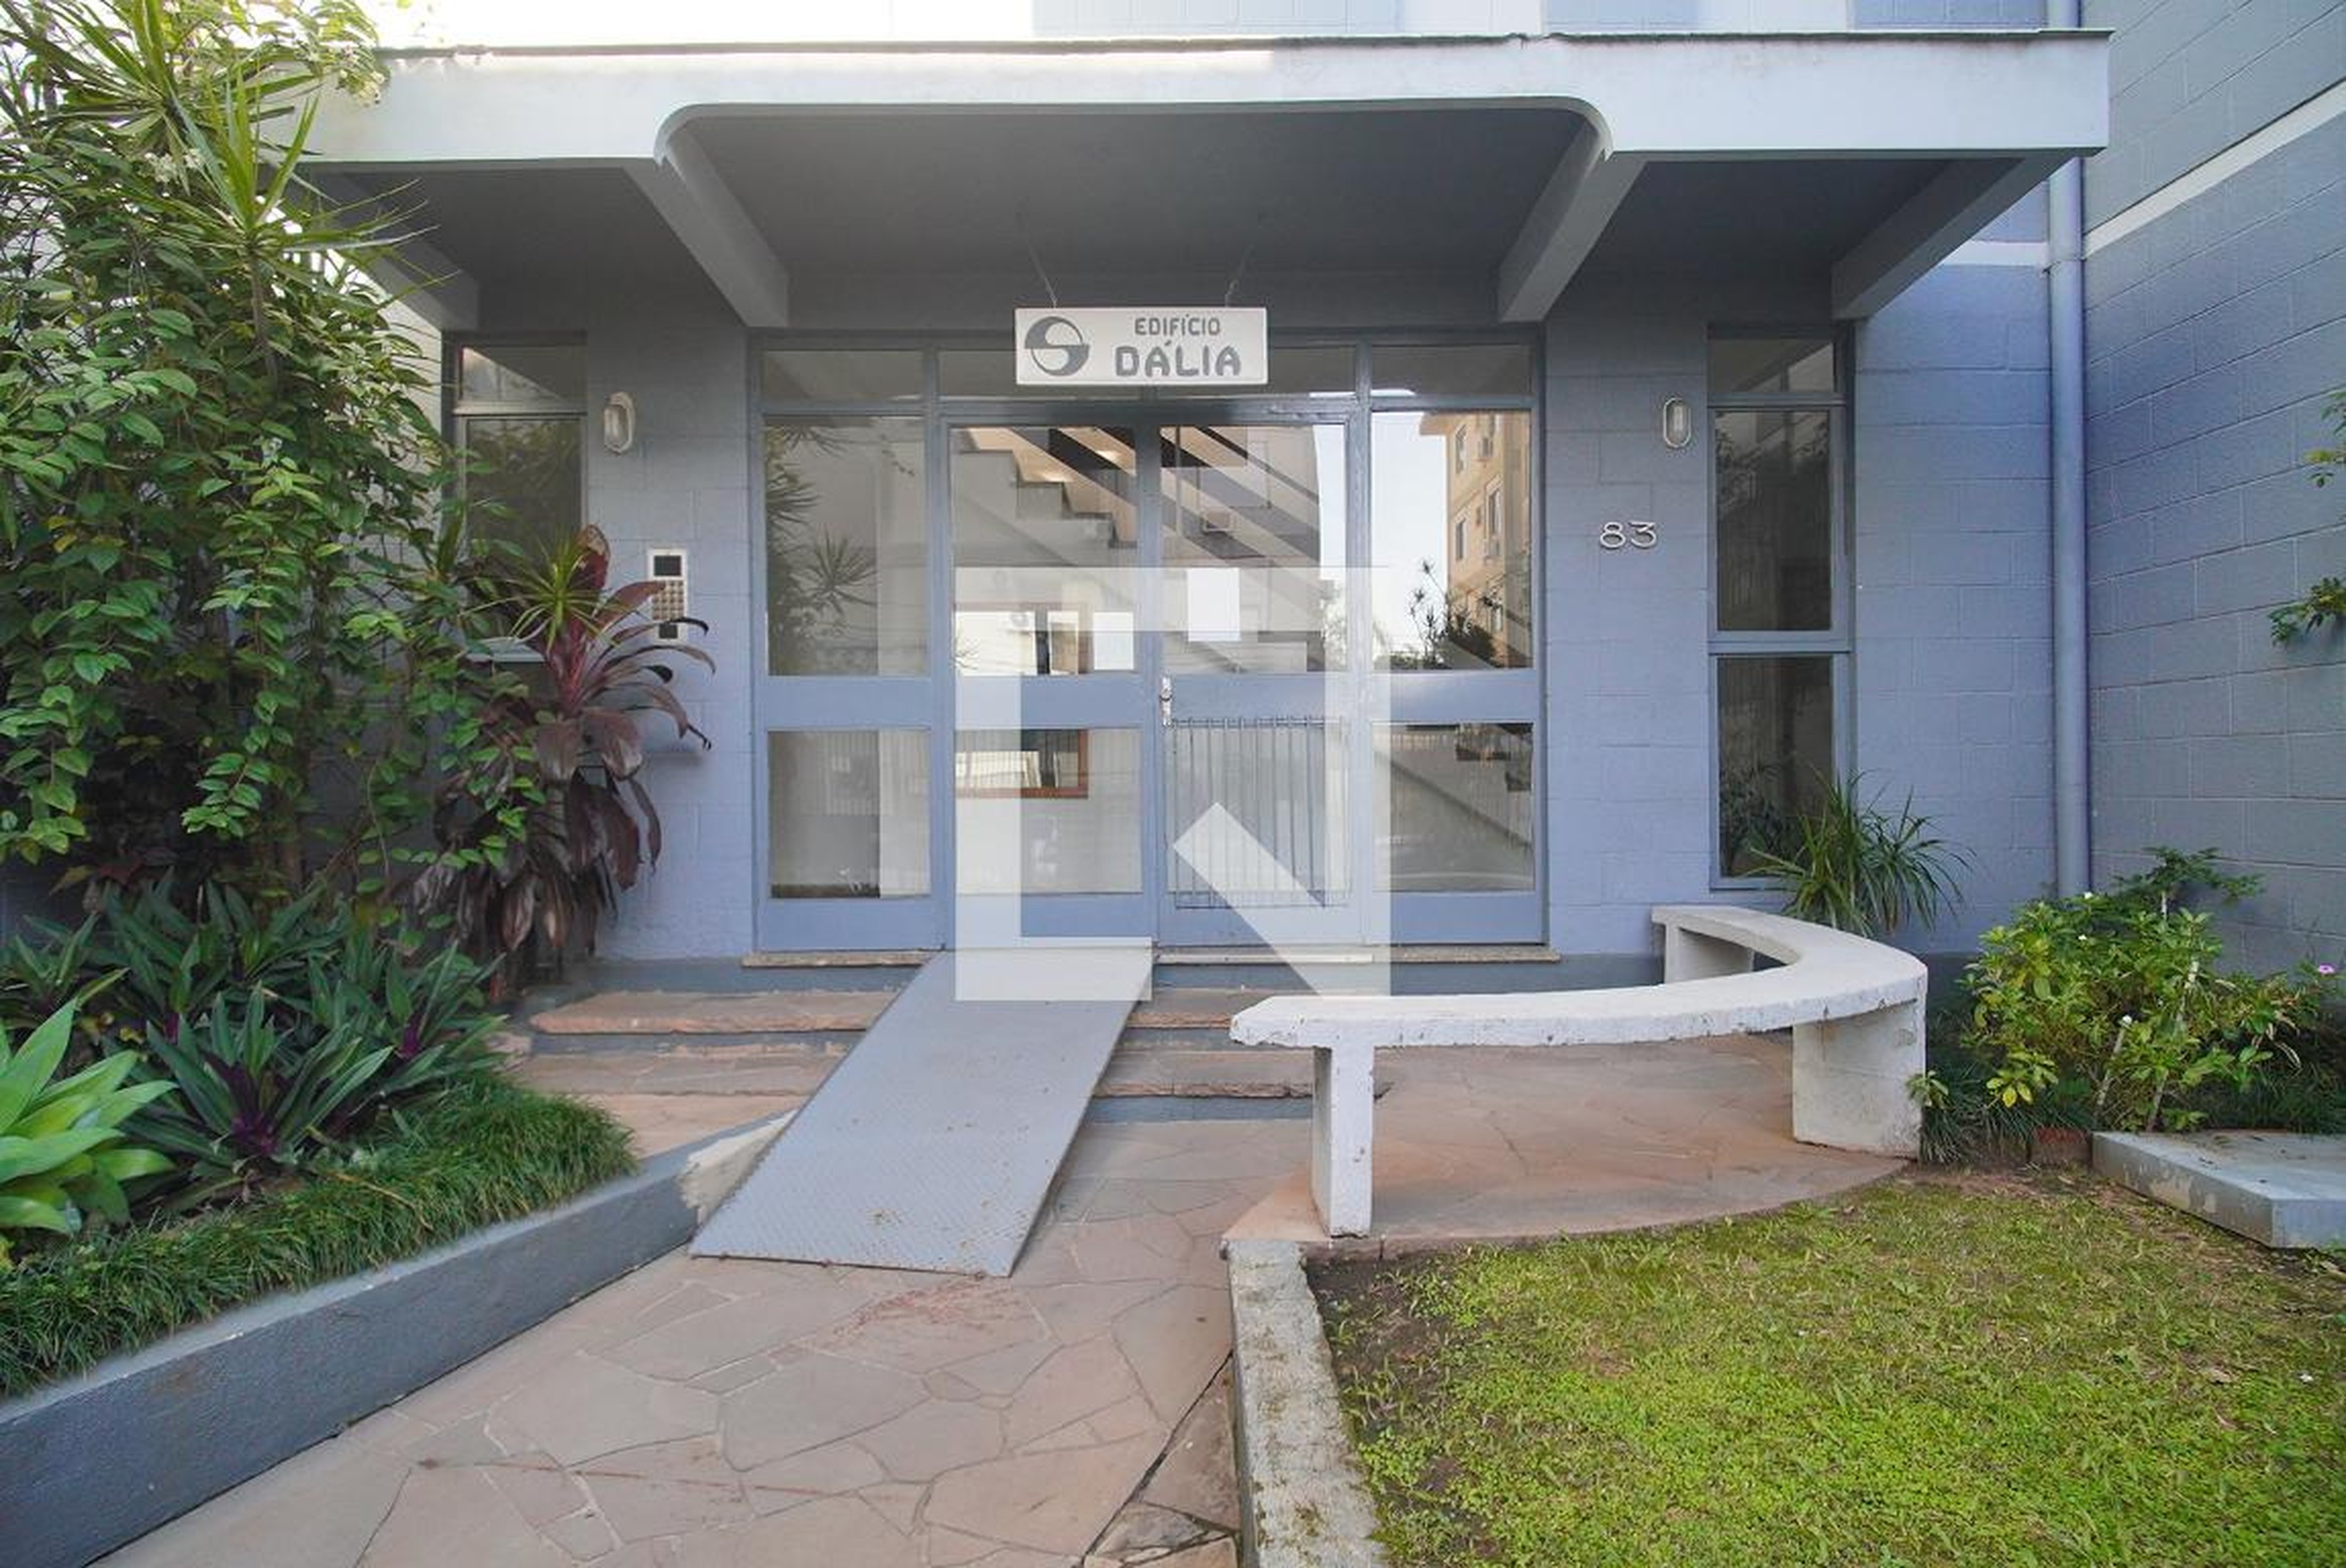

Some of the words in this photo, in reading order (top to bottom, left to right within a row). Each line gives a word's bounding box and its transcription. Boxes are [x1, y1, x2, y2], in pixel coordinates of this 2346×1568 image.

[1135, 314, 1221, 336] EDIFÍCIO
[1115, 340, 1241, 376] DÁLIA
[1599, 521, 1656, 549] 83
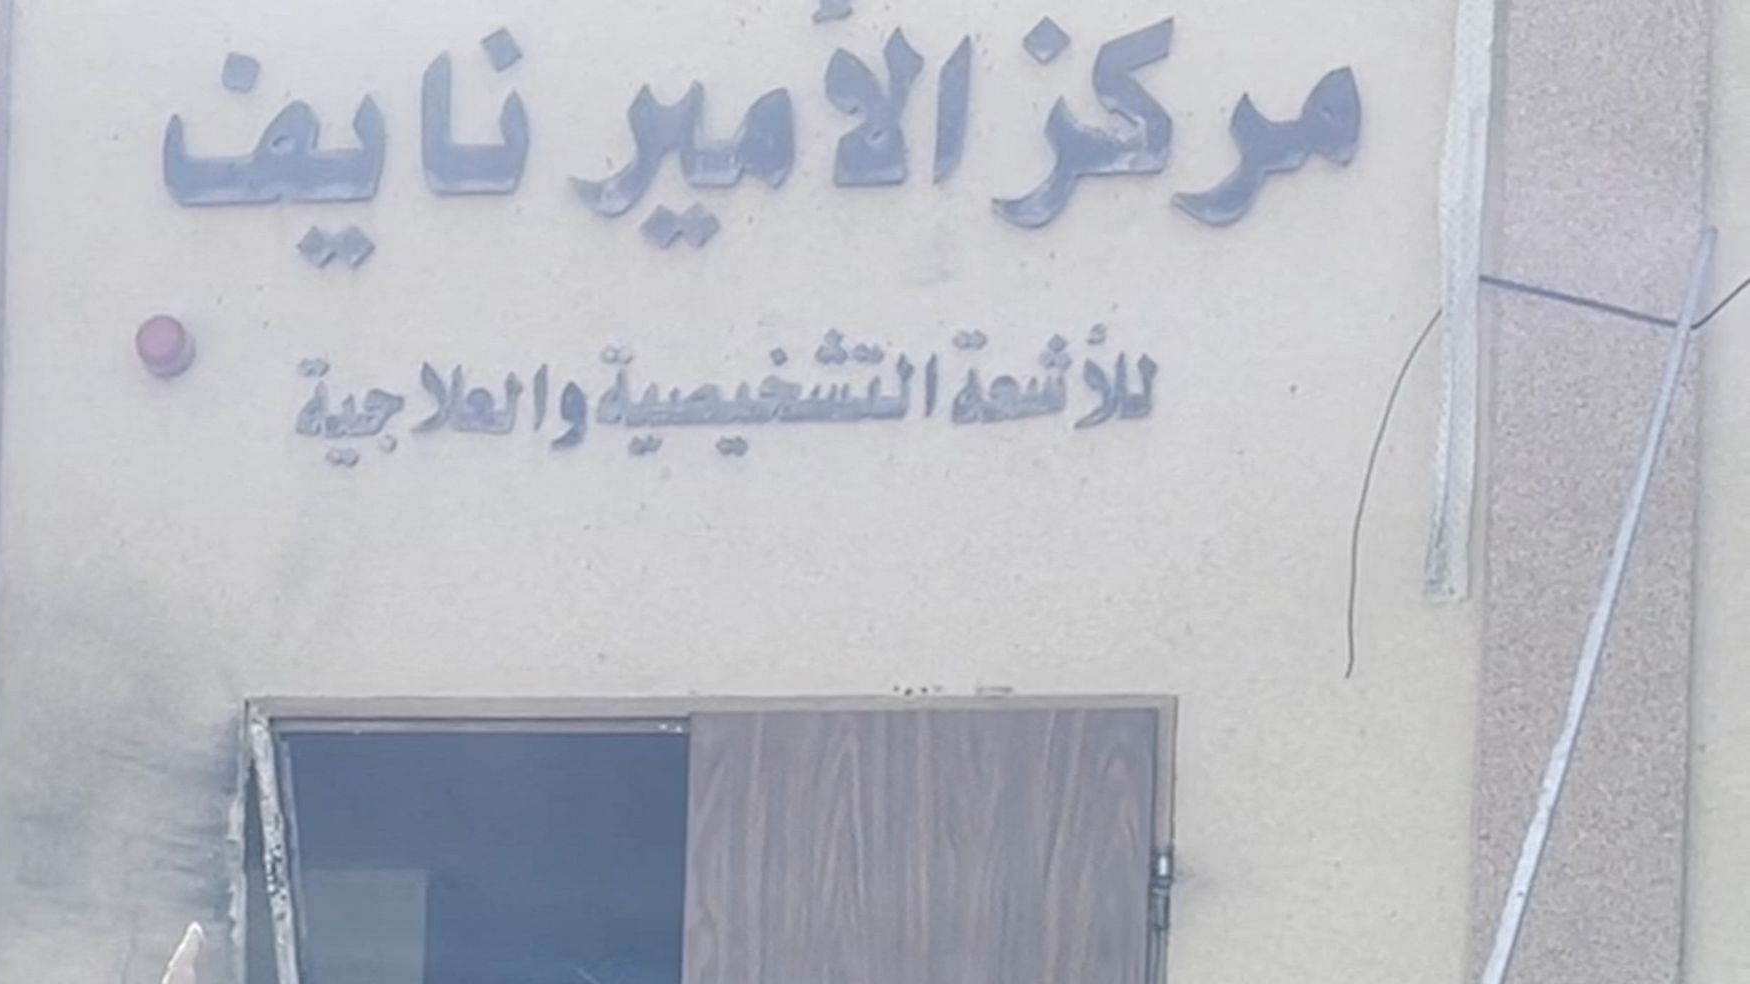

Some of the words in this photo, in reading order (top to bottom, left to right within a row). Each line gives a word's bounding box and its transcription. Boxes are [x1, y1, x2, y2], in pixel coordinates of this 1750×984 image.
----
-- Activity --
Wherever a picture appears in the records above, skip it and retype everything else exactly.

-- Solution to this exercise --
Some of the words in this photo, in reading order (top to bottom, left to right within a row). Each line gives a word's bounding box and its transcription. Boxes are [x1, y1, x2, y2], in pixel coordinates of this 2346×1568 image.

[1135, 314, 1221, 336] EDIFÍCIO
[1115, 340, 1241, 376] DÁLIA
[1599, 521, 1656, 549] 83

Some of the words in this photo, in reading order (top to bottom, left to right within a row). Each line gives a word's bounding box and its transcription. Boxes are [x1, y1, x2, y2], in pixel coordinates of this 1750×984 image.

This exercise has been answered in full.